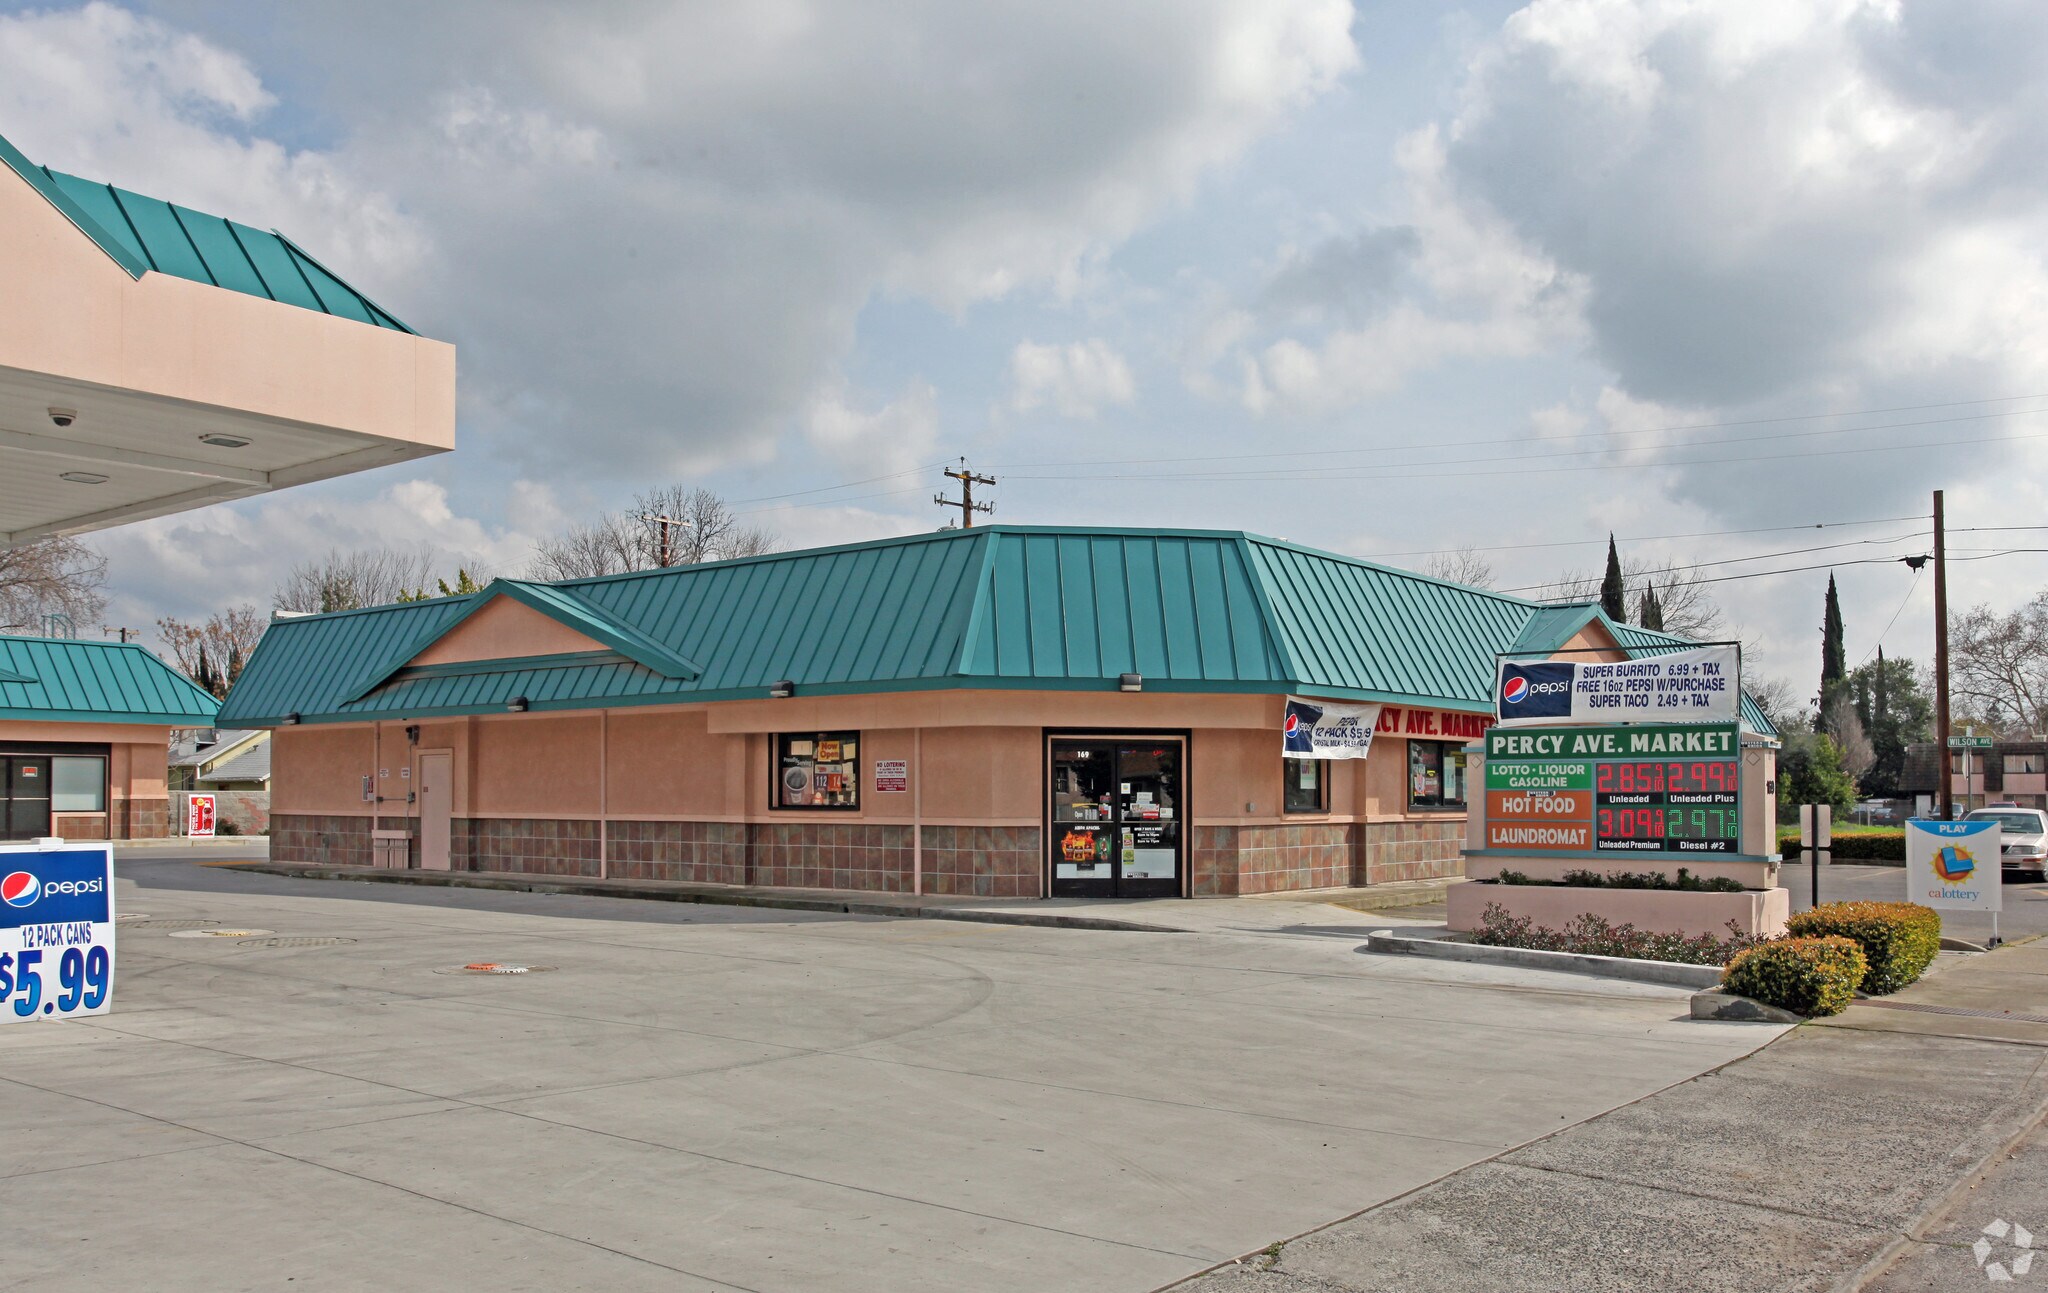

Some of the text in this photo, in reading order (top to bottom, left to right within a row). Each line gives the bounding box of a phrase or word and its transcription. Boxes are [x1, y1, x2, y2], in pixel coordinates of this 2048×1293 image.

[1583, 666, 1613, 678] SUPER
[1616, 664, 1660, 677] BURRITO
[1668, 663, 1689, 676] 6.99
[1702, 662, 1720, 676] TAX
[1530, 680, 1569, 696] pepsi
[1576, 680, 1600, 692] FREE
[1626, 678, 1654, 692] PEPSI
[1656, 678, 1725, 691] W/PURCHASE
[1590, 695, 1621, 708] SUPER
[1624, 694, 1649, 707] TACO
[1657, 694, 1678, 707] 2.49
[1692, 694, 1710, 706] TAX
[1406, 710, 1438, 735] AVE.
[1315, 728, 1324, 737] 12
[1325, 728, 1347, 738] PACK
[1493, 732, 1732, 754] PERCY AVE. MARKET
[820, 751, 838, 759] Open
[1492, 765, 1585, 776] LOTTO LIQUOR
[1510, 777, 1568, 787] GASOLINE
[1503, 798, 1575, 813] HOT FOOD
[1492, 828, 1586, 845] LAUNDROMAT
[44, 877, 102, 898] pepsi
[1929, 888, 1979, 901] calottery
[22, 923, 91, 948] 12 PACK CANS
[0, 946, 109, 1017] $5.99

__Exercise aim__.
Where an entry includes an image, leave that image out; otherwise, reproduce everything exactly.

__Written answer__.
Some of the text in this photo, in reading order (top to bottom, left to right within a row). Each line gives the bounding box of a phrase or word and its transcription. Boxes are [x1, y1, x2, y2], in pixel coordinates of this 2048×1293 image.

[1583, 666, 1613, 678] SUPER
[1616, 664, 1660, 677] BURRITO
[1668, 663, 1689, 676] 6.99
[1702, 662, 1720, 676] TAX
[1530, 680, 1569, 696] pepsi
[1576, 680, 1600, 692] FREE
[1626, 678, 1654, 692] PEPSI
[1656, 678, 1725, 691] W/PURCHASE
[1590, 695, 1621, 708] SUPER
[1624, 694, 1649, 707] TACO
[1657, 694, 1678, 707] 2.49
[1692, 694, 1710, 706] TAX
[1406, 710, 1438, 735] AVE.
[1315, 728, 1324, 737] 12
[1325, 728, 1347, 738] PACK
[1493, 732, 1732, 754] PERCY AVE. MARKET
[820, 751, 838, 759] Open
[1492, 765, 1585, 776] LOTTO LIQUOR
[1510, 777, 1568, 787] GASOLINE
[1503, 798, 1575, 813] HOT FOOD
[1492, 828, 1586, 845] LAUNDROMAT
[44, 877, 102, 898] pepsi
[1929, 888, 1979, 901] calottery
[22, 923, 91, 948] 12 PACK CANS
[0, 946, 109, 1017] $5.99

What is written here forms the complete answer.